Sub-processors
Per GDPR Article 28(2), the third-party services svdy uses to process your data. Updated when our stack changes. Last review: 2026-05-24.
| Provider | Service | Region | Data accessed |
|---|---|---|---|
Amazon Web Services DPA / privacy → | Cloud hosting (compute, database, storage, CDN) | us-east-1 (N. Virginia, USA) | All customer data — workers, attendance entries, documents, logs |
Stripe DPA / privacy → | Payment processing for subscriptions | United States + EU (Stripe Atlas global) | Billing contact, last 4 digits of card, charge history. NEVER full card data — Stripe-side tokenisation. |
Amazon SES DPA / privacy → | Transactional email (sign-up, password reset, alerts) | us-east-1 | Recipient email address, message body. Subject to AWS DPA. |
Expo (EAS) DPA / privacy → | Mobile push notifications via APNs / FCM | United States | Device push token (anonymous), notification body.
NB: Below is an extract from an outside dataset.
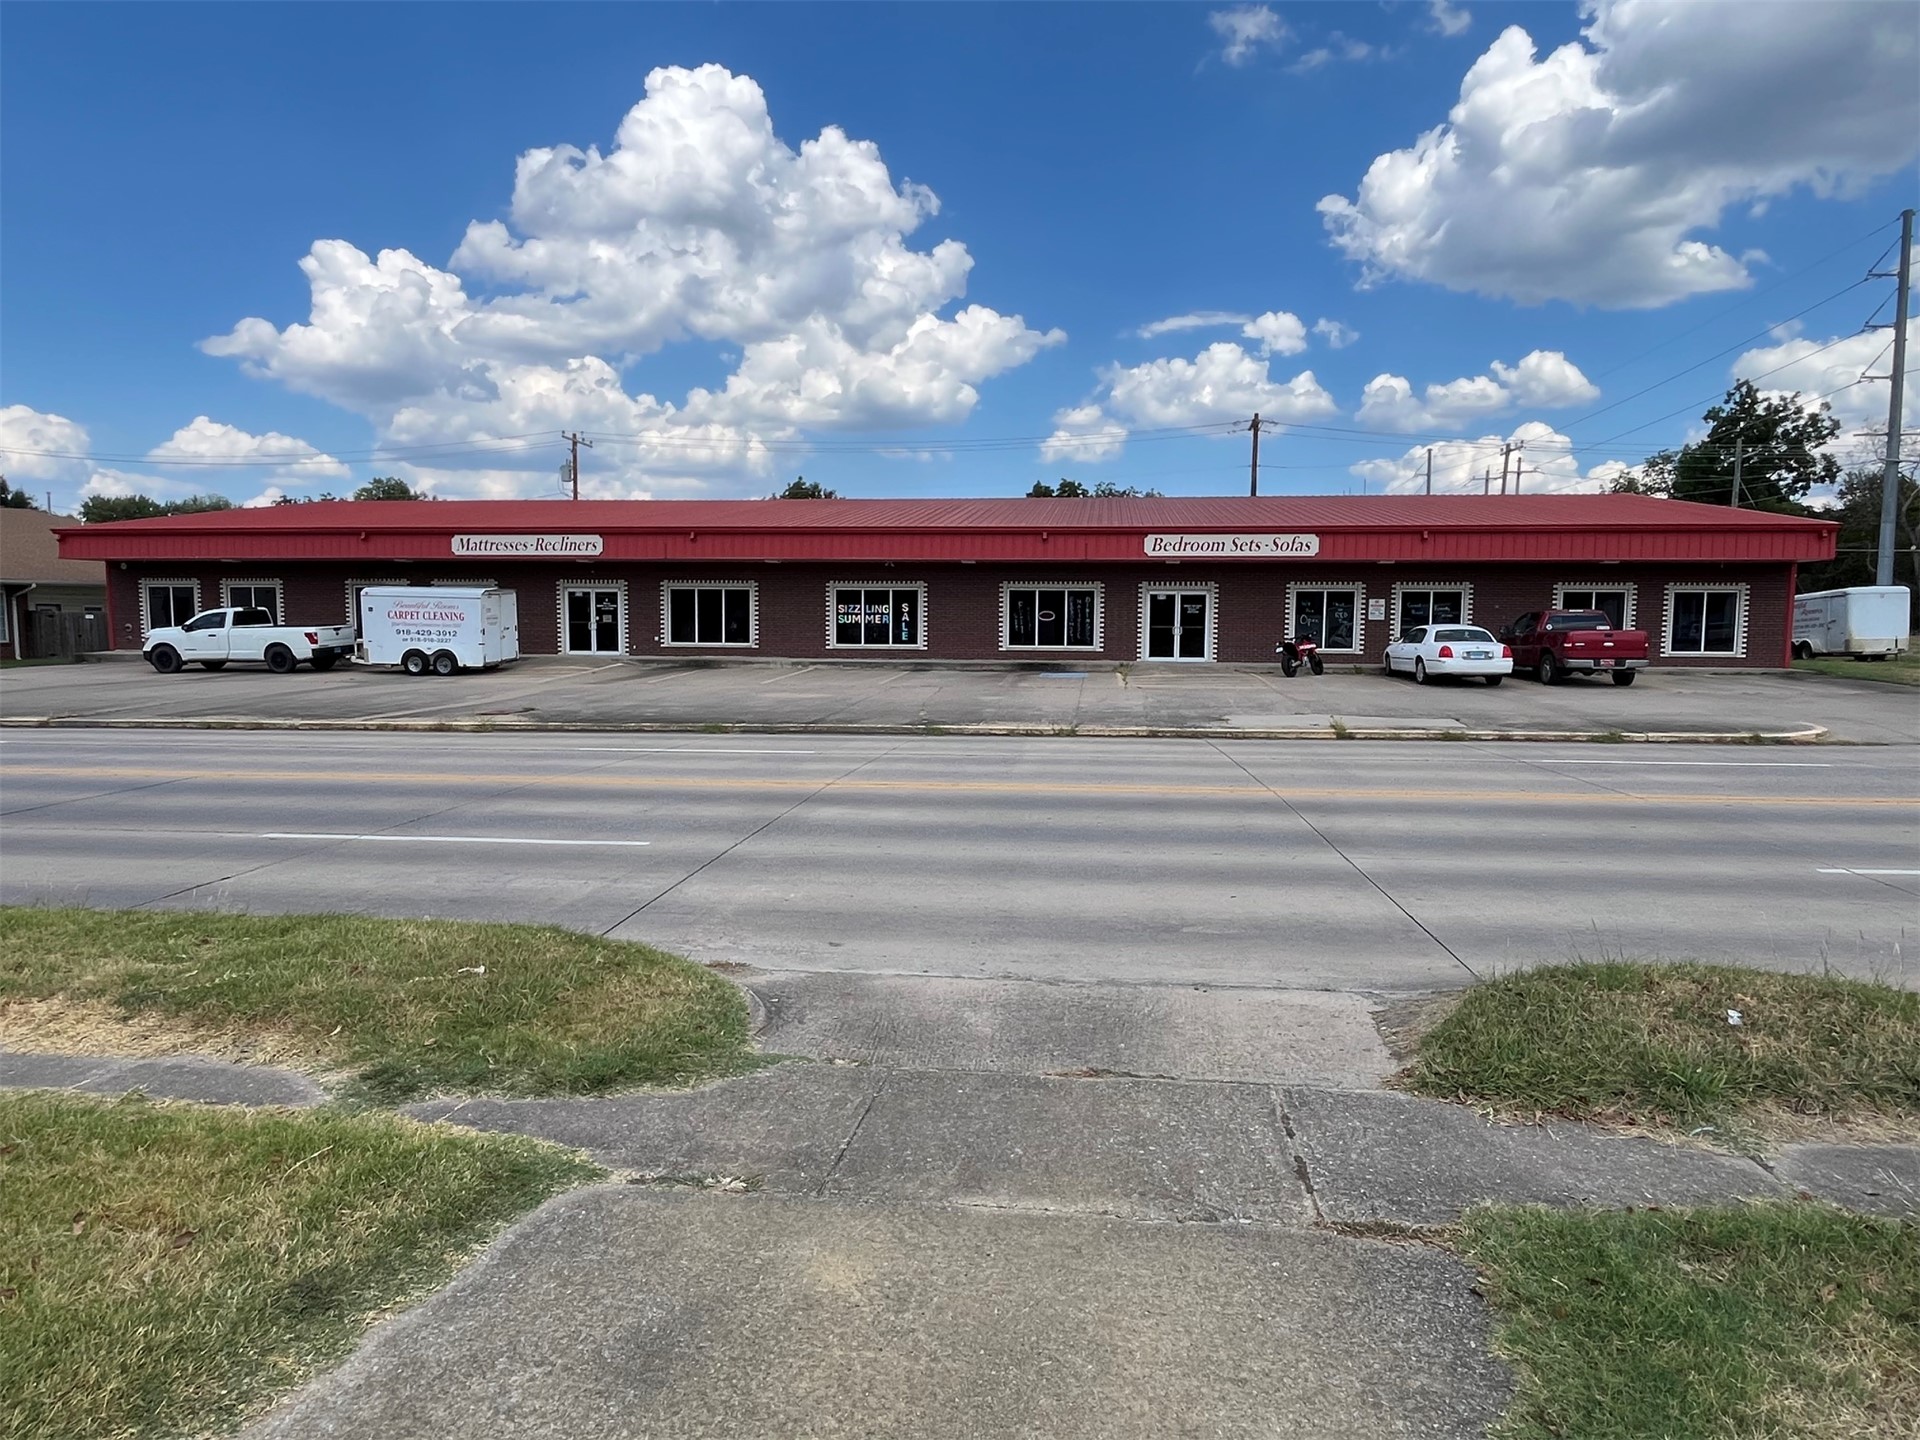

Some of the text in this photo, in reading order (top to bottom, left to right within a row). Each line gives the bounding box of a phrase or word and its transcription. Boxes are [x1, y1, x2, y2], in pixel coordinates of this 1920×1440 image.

No PII inside push payloads. |
Cloudflare DPA / privacy → | Authoritative DNS (svdy.com / qutime.com / pureoa.com) | Global (anycast) | DNS query metadata only. svdy uses Cloudflare DNS in grey-cloud mode — NOT proxied — so no customer payload traverses Cloudflare. |
Update protocol
When we add or remove a sub-processor, we:
1. Update this page within 7 days of the change.
2. Email customers 30 days before the change takes effect, with the new processor's name + region + data scope.
3. Honour customer objections under your DPA — typically by ring-fencing your tenant from the affected processor.